▶ **Task**
The answer must be an exact copy of the records, with every picture left out.

Extracted records
>>>
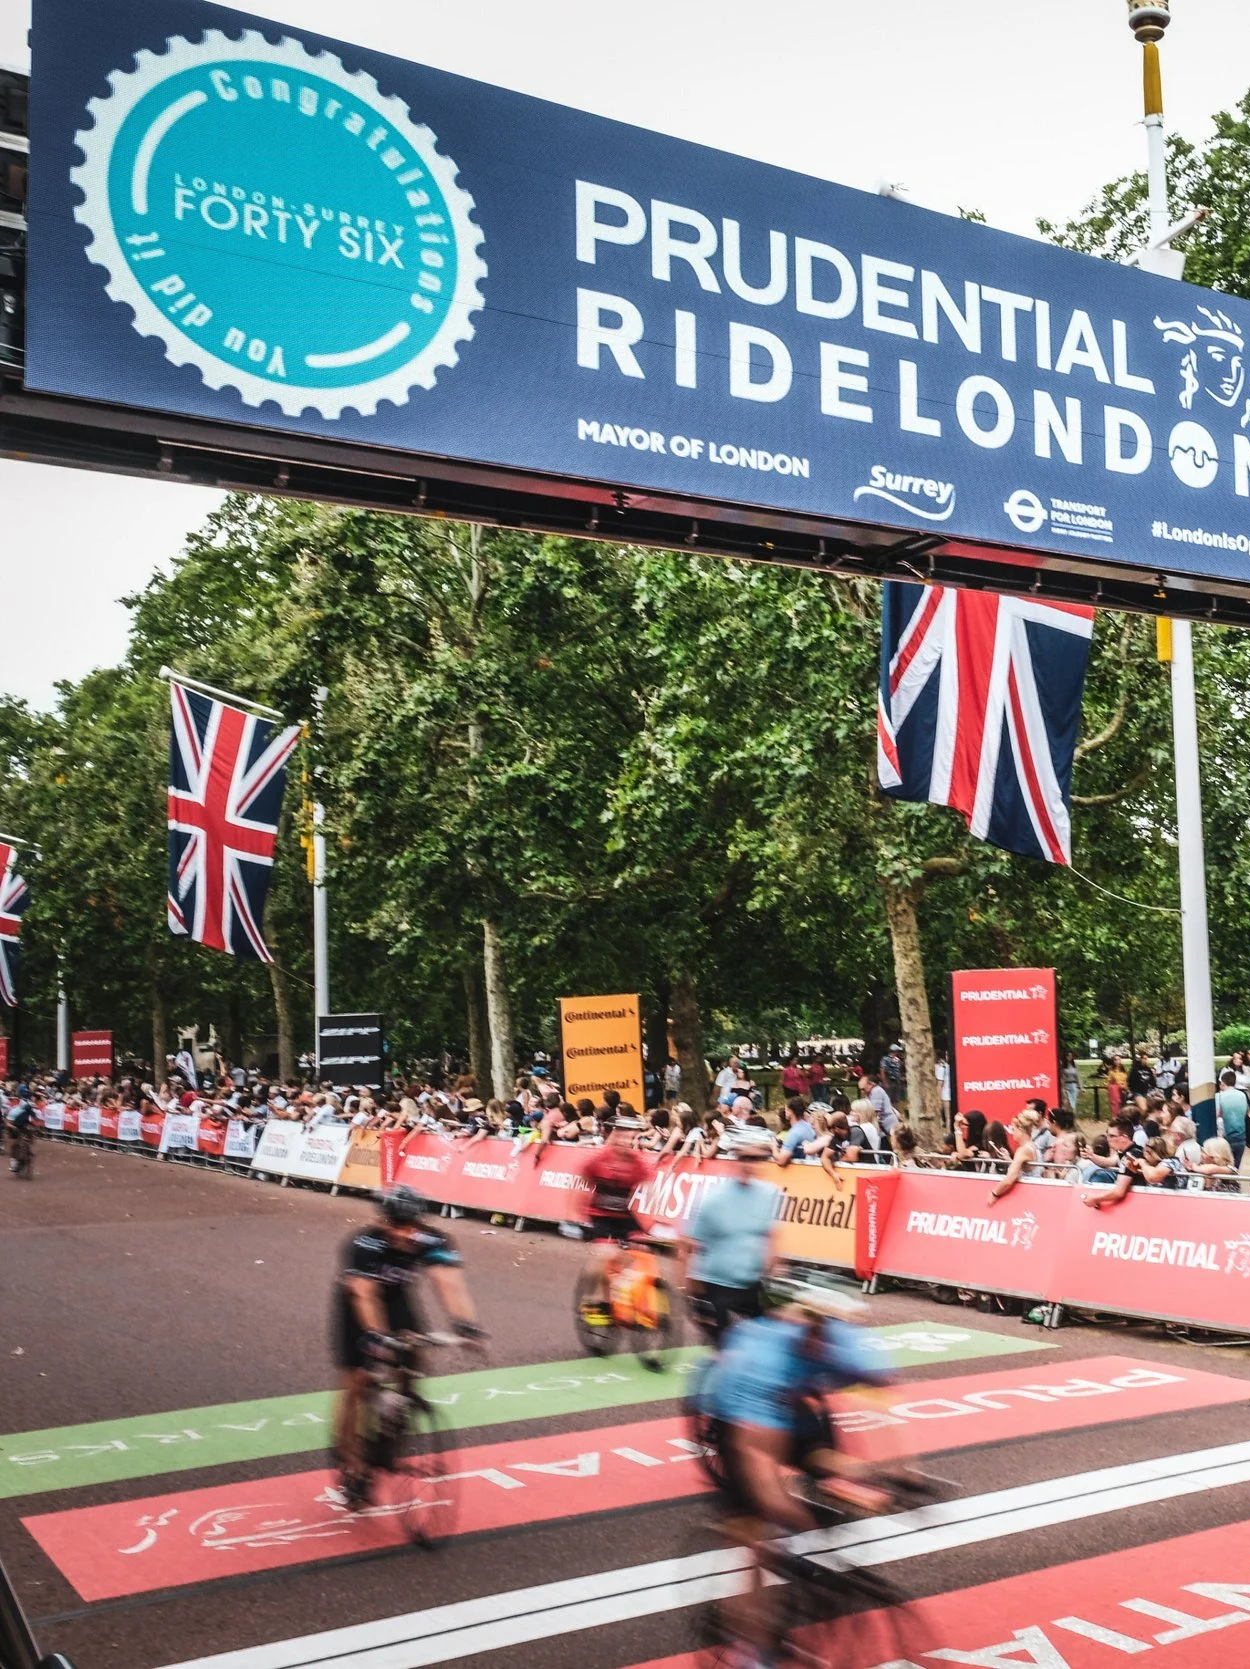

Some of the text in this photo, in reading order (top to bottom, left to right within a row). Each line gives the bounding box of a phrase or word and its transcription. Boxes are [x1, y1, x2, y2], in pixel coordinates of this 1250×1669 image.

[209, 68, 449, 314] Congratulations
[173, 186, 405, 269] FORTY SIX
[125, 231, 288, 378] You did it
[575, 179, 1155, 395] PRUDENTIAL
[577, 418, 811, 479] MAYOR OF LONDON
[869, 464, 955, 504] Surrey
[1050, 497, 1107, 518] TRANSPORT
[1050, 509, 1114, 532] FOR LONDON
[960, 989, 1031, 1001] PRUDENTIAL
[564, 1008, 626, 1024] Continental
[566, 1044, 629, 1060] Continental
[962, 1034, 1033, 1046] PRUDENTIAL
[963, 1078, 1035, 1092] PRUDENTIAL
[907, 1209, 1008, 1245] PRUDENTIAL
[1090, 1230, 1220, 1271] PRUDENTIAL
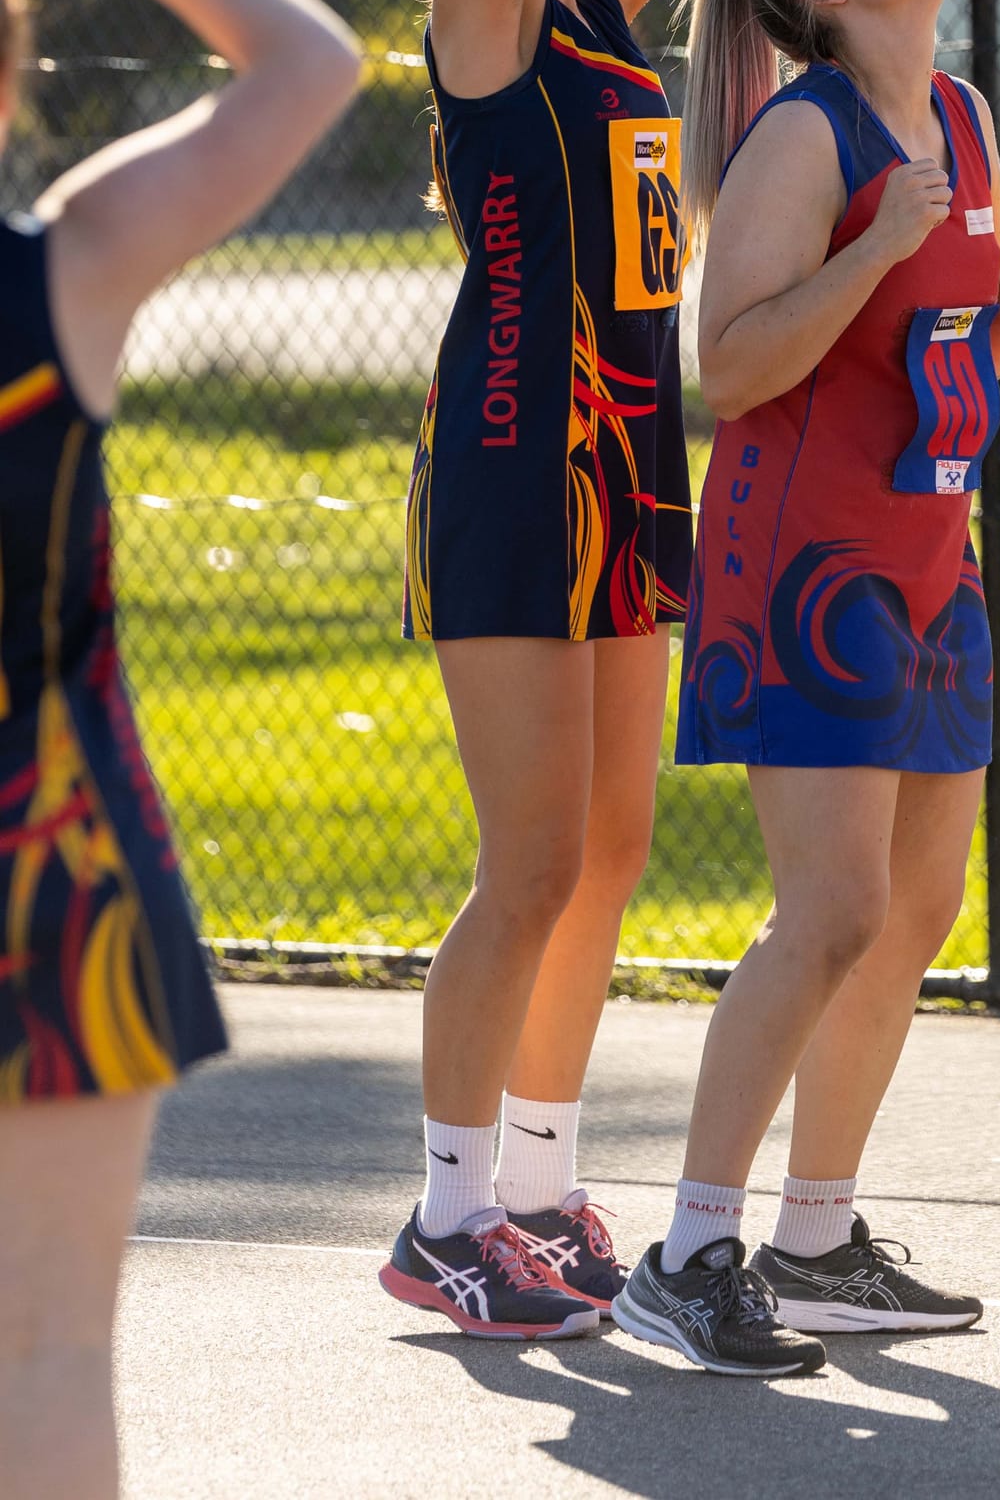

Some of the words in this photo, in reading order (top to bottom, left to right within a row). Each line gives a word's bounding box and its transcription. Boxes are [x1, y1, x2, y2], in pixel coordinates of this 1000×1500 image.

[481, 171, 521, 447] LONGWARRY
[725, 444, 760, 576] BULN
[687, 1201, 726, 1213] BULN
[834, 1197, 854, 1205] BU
<<<
▶ **Finished task**
Some of the text in this photo, in reading order (top to bottom, left to right within a row). Each line gives the bounding box of a phrase or word and its transcription. Boxes are [x1, y1, x2, y2], in pixel coordinates of this 1250×1669 image.

[209, 68, 449, 314] Congratulations
[173, 186, 405, 269] FORTY SIX
[125, 231, 288, 378] You did it
[575, 179, 1155, 395] PRUDENTIAL
[577, 418, 811, 479] MAYOR OF LONDON
[869, 464, 955, 504] Surrey
[1050, 497, 1107, 518] TRANSPORT
[1050, 509, 1114, 532] FOR LONDON
[960, 989, 1031, 1001] PRUDENTIAL
[564, 1008, 626, 1024] Continental
[566, 1044, 629, 1060] Continental
[962, 1034, 1033, 1046] PRUDENTIAL
[963, 1078, 1035, 1092] PRUDENTIAL
[907, 1209, 1008, 1245] PRUDENTIAL
[1090, 1230, 1220, 1271] PRUDENTIAL

Some of the words in this photo, in reading order (top to bottom, left to right within a row). Each line gives a word's bounding box and its transcription. Boxes are [x1, y1, x2, y2], in pixel coordinates of this 1000×1500 image.

[481, 171, 521, 447] LONGWARRY
[725, 444, 760, 576] BULN
[687, 1201, 726, 1213] BULN
[834, 1197, 854, 1205] BU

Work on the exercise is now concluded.